The effectiveness of biopolymers application for cryopreservation of the fragments of convoluted seminiferous tubules of prepubertal rat’s testis

Abstract

Today, transplantation of cryopreserved fragments of immature testis is a non-alternative method of preserving the fertility of pre-adolescent patients who undergo cytotoxic therapy.The purpose of the study is to compare the effectiveness of the use of biopolymers (bovine serum albumin and fibrin gel) as the bases of cryoprotective media at low temperature preservation of the fragments of the convoluted seminiferous tubules of prepubertal rats’ testis.Materials and methods.
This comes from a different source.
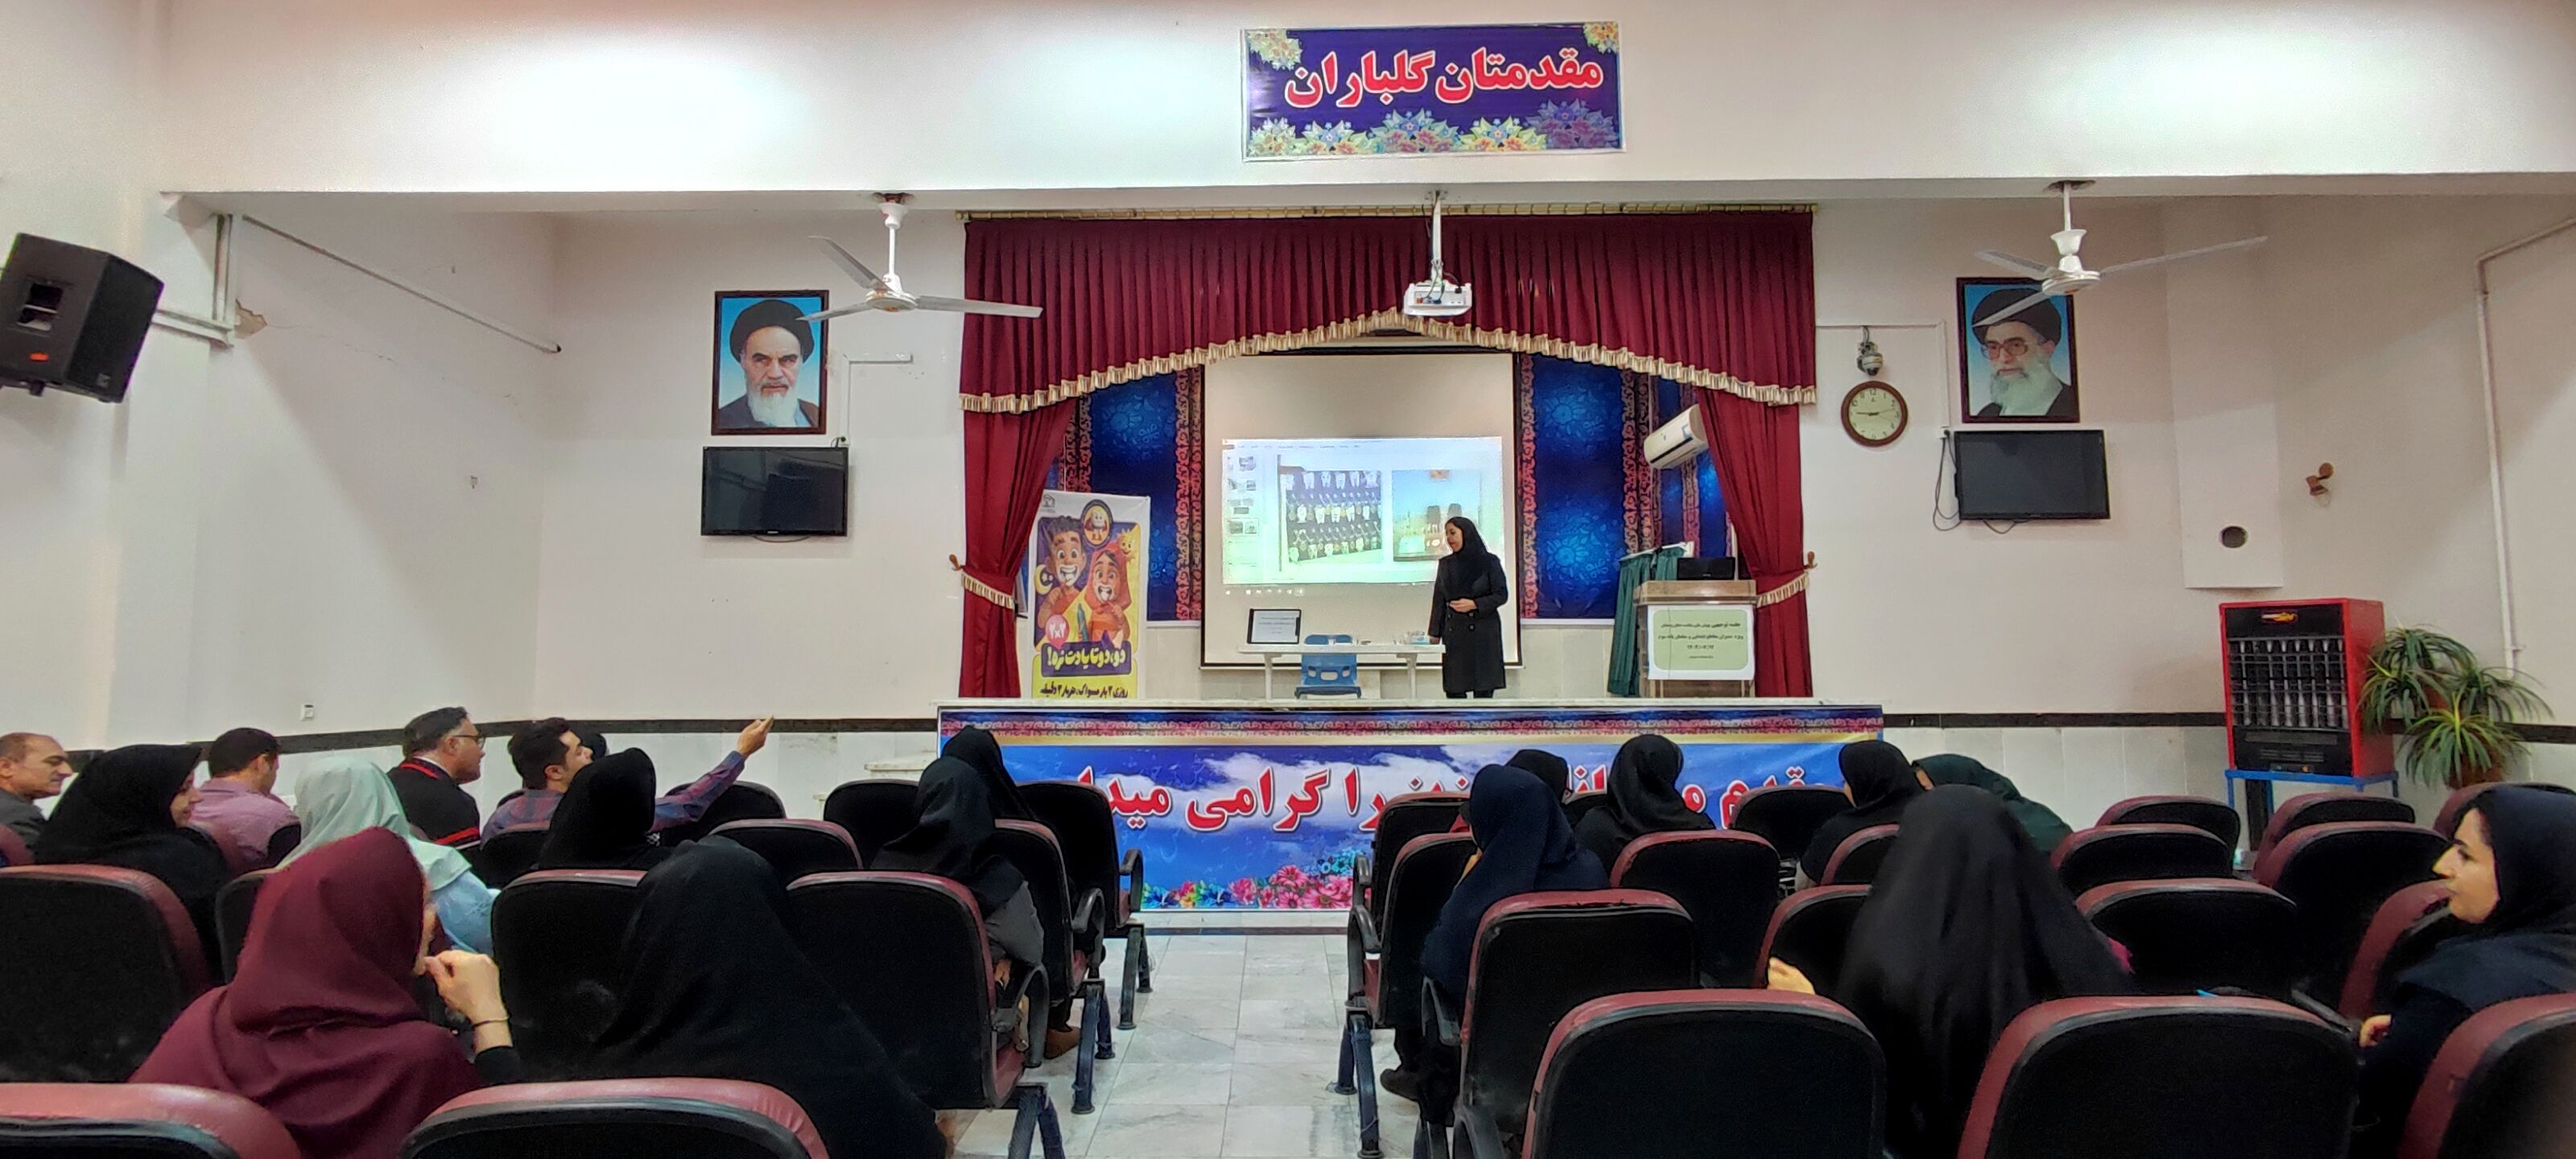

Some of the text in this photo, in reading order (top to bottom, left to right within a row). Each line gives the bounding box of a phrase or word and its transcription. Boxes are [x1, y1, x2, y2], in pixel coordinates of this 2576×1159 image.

Convoluted seminiferous tubules of prepubertal rats’ testis (75 ± 3 mg and 6-8 mm3), after a 30-minute exposure at 4 °C in cryoprotective media based on Hanks’ solution with 50 g/L of bovine serum albumin (BSA) or fibrin gel (FG) supplemented with 0.6 M DMSO or 0.7 M glycerol, were cryopreserved according to the program: 1 °C/min to -8 °C; stop for 10 minutes; 10 °C/min to -70 °C; stored in liquid nitrogen. After thawing, the histological structure was evaluated and the metabolic activity of the spermatogenic epithelium cells was determined.Results. According to the results of the histological study, there was a positive tendency of FG application, which had the maximum expressiveness in combination with 0,7 M glycerol. In this case, 68.8 ± 15.7 % of cell nuclei remained morphologically intact, and changes in the spermatogenic epithelium were slightly pronounced. The metabolic activity of the rats’ seminiferous convoluted tubules cells after freezing and thawing remained at a significantly higher level when using FG in combination with 0.6 M DMSO than with 0.7 M glycerol compared to the corresponding cryoprotectant based on the Hanks’ solution with BSA.Conclusions. The use of fibrin gel in the protocols of cryopreservation provide to preserve the histological structure and metabolic activity of the spermatogenic epithelium.